Com todo este passado, é fácil perceber que Alfredo da Silva é de facto muito incómodo para muitos ortodoxos, que preferem ter os patrões no papel de vilões. O Barreiro beneficiou muito desta visão reformista e liberal, e viu muitos dos filhos destes trabalhadores, que recebiam ordenados muito acima até dos próprios funcionários públicos, terem a oportunidade de continuar os seus estudos e serem hoje homens e mulheres de sucesso, alguns com grandes responsabilidades dentro e fora de Portugal. E por isto, tudo, confesso que não estou muito preocupado, porque por muitas voltas que se dêem à estátua, o que não vão conseguir fazer é dar a volta à história.

Nuno Banza
Com o devido respeito e vênia a “Rostos”, e sobretudo ao Sr. Nuno Banza, autor do mesmo, pincei este magnífico artigo, bem como, também com o devido respeito á publicação e aos seus autores, alguns comentários que não podia deixar de anexar.
Paulo Calhau
Texto sintético mas muito interessante de Nuno Banza. Não era preciso sair do Barreiro, no final da década de 60, para testemunhar realidades operárias bem distintas. Por essa altura - antes de emigrarem para a Europa Democrática - ouvi relatos dos meus tios maternos que me fizeram acordar para uma realidade outra. Na corticeira onde laboravam tudo era diferente: mais desumano, cruel e brutal.


FSPina
Caro Nuno Banza, Subscrevo a Sua certeza de que não será fácil dar a volta à História do Barreiro, que no século XX se interliga também com a do Industrial Alfredo da Silva. Considero contudo que é necessário encontrar um local digno, logo nobre, para homenagear essa mesma História. Não me parece que a zona degradada do largo das obras seja esse local. Talvez a rotunda a construir no final da Av. Alfredo da Silva, junto ao novo Fórum seja uma boa solução. Zona requalificada, nova centralidade e no final da Av. Alfredo da Silva.

Barreirense
EXCELENTES PALAVRAS!!!!!!!!!!!!!!!!! Pena que muitos "Barreirenses" tenham a memoria curta! Cresci com os meus avós no Largo das Obras(Lg.

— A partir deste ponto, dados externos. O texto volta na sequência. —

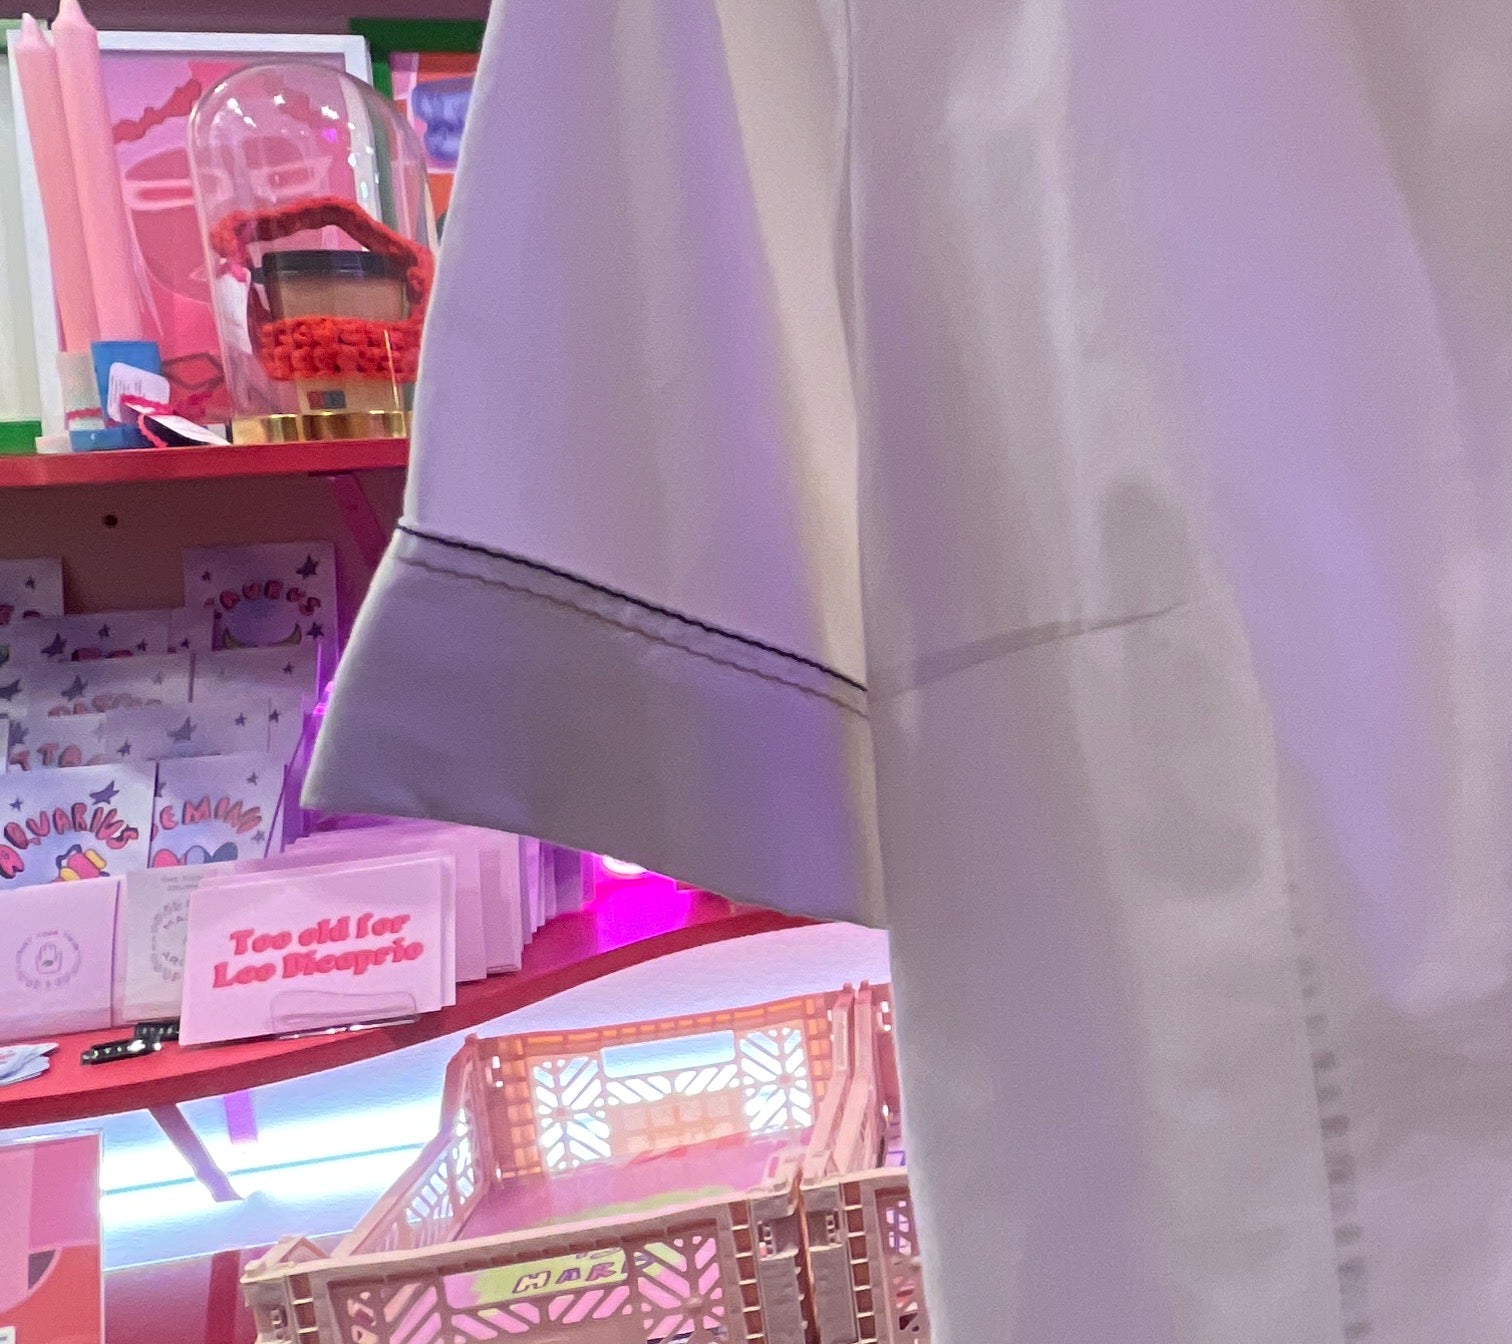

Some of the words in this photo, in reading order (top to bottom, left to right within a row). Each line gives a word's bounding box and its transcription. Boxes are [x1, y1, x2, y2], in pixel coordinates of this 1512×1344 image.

Alexandre Herculano), no tempo em que os trabalhadores da CUF enchiam o largo ás 18 hrs e á meia noite, era para mim e para o meu irmão o melhor divertimento ver tanta gente, e era mesmo muita gente!!! Tudo isso acabou, mas ficam as memórias, das enchentes de pessoas, e de carros, das compras na Dispensa, das consultas do Posto Médico. Enfim....hoje tenho quase 41 anos e gosto de contar ás minhas filhas como era o Barreiro, os passeios e piqueniques na Av. da Praia, os bolos da Boleira do Parque, os Bailes nos Franceses, os jogos de Futebol do FC Barreirense na 1ª divisão, as pessoas sentadas ás portas nas noites de Verão, as conversas as brincadeiras na rua que duravam de manhã á noite sem medos e sem insegurança. Habituei-me a ver e a respeitar a estatua do Sr. Alfredo da Silva, á entrada do n/parque. Sou a favor das mudanças se estas forem para melhor, claro, por isso gostava que a restaurassem e a enquadrassem na nova praça, penso que essa era a melhor homenagem a prestar-lhe, manterem a estatua onde sempre esteve, para nunca nos esquecer-mos de alguém que tanto fez pelo Barreiro.